The reason why The Dark Knight gets this right whilst The Amazing Spider-Man series doesn’t boils down simply to the fact that the former commits to the tragedy inherent to the plotline.  In fact, sod it, this paragraph is going to spoil The Dark Knight.  So, if you haven’t seen it and still want to, just jump on down to the next paragraph, you shouldn’t be missing too much if you do so (and if I’m doing my job right).  See, Harvey Dent’s slide into the man known as Two-Face works because his motives remain understandable and relatable.  He still has the same goal, to clean up the streets of Gotham and wipe out corruption in the GCPD, but his methods are now harsher.  The point is that he has snapped mentally and now no longer cares about working within the law to get his goals.  He’s not evil for the sake of evil, he’s just had his hope crushed and now he’s willing to do anything to reach his otherwise noble end goals and it’s the way the film commits to that falling that the plotline works.

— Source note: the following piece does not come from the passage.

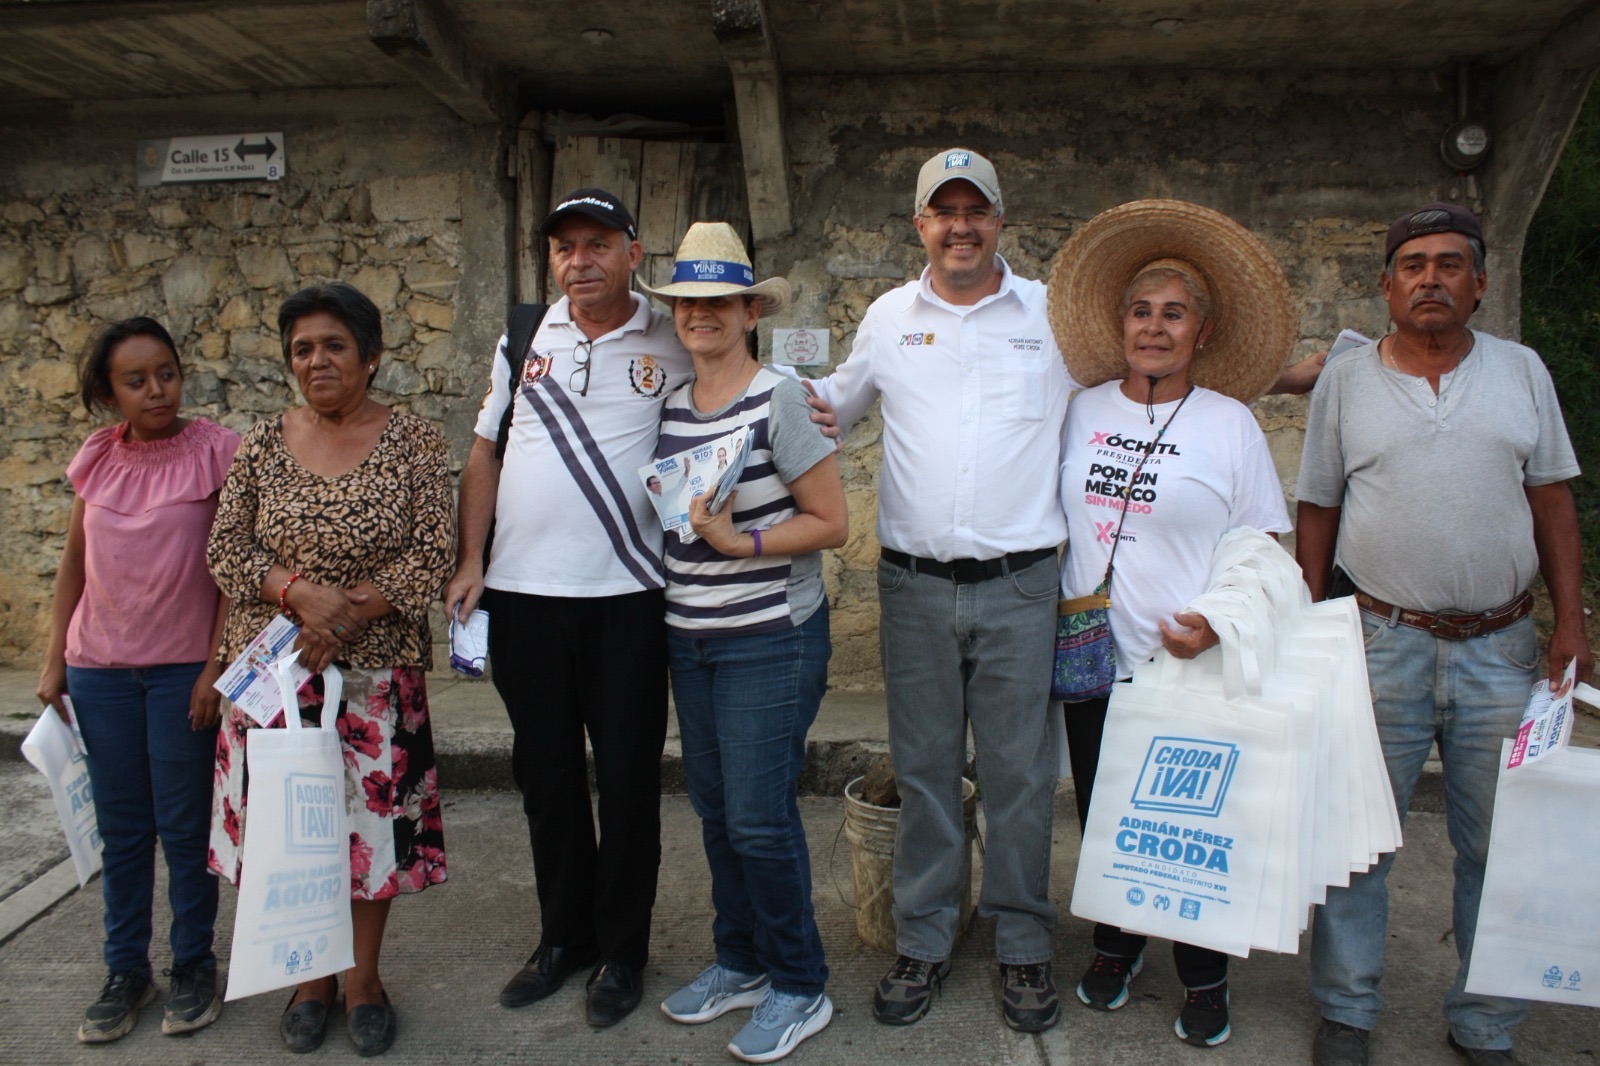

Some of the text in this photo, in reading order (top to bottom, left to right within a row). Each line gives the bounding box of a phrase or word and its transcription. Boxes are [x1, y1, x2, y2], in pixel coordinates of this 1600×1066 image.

Contrast this with Max Dillon.  When he starts the film, he is a weak loner.  He has an important job at Oscorp but he is constantly pushed around and harassed and put-upon by the world because he basically lets it.  He has no backbone, no social skills and no life outside of his work and this makes him miserable, even emotionally disturbed.  He just wants someone to notice him.  Then, out of the blue, Spider-Man saves him from an oncoming truck and gives him the usual Spider-Man speech of “you are a somebody because you’re somebody to me”.  This gives Max a reason to live and a reason for us to care about him, even if he becomes hopelessly obsessed with the man.  It’s what’s supposed to make his fall into the electro-chamber sad and painful because it’s the world’s fault, not his.  It’s why the public triggering of his powers is supposed to carry real emotional resonance as he finally gets the attention he craves from the public at large and his obsession, Spider-Man.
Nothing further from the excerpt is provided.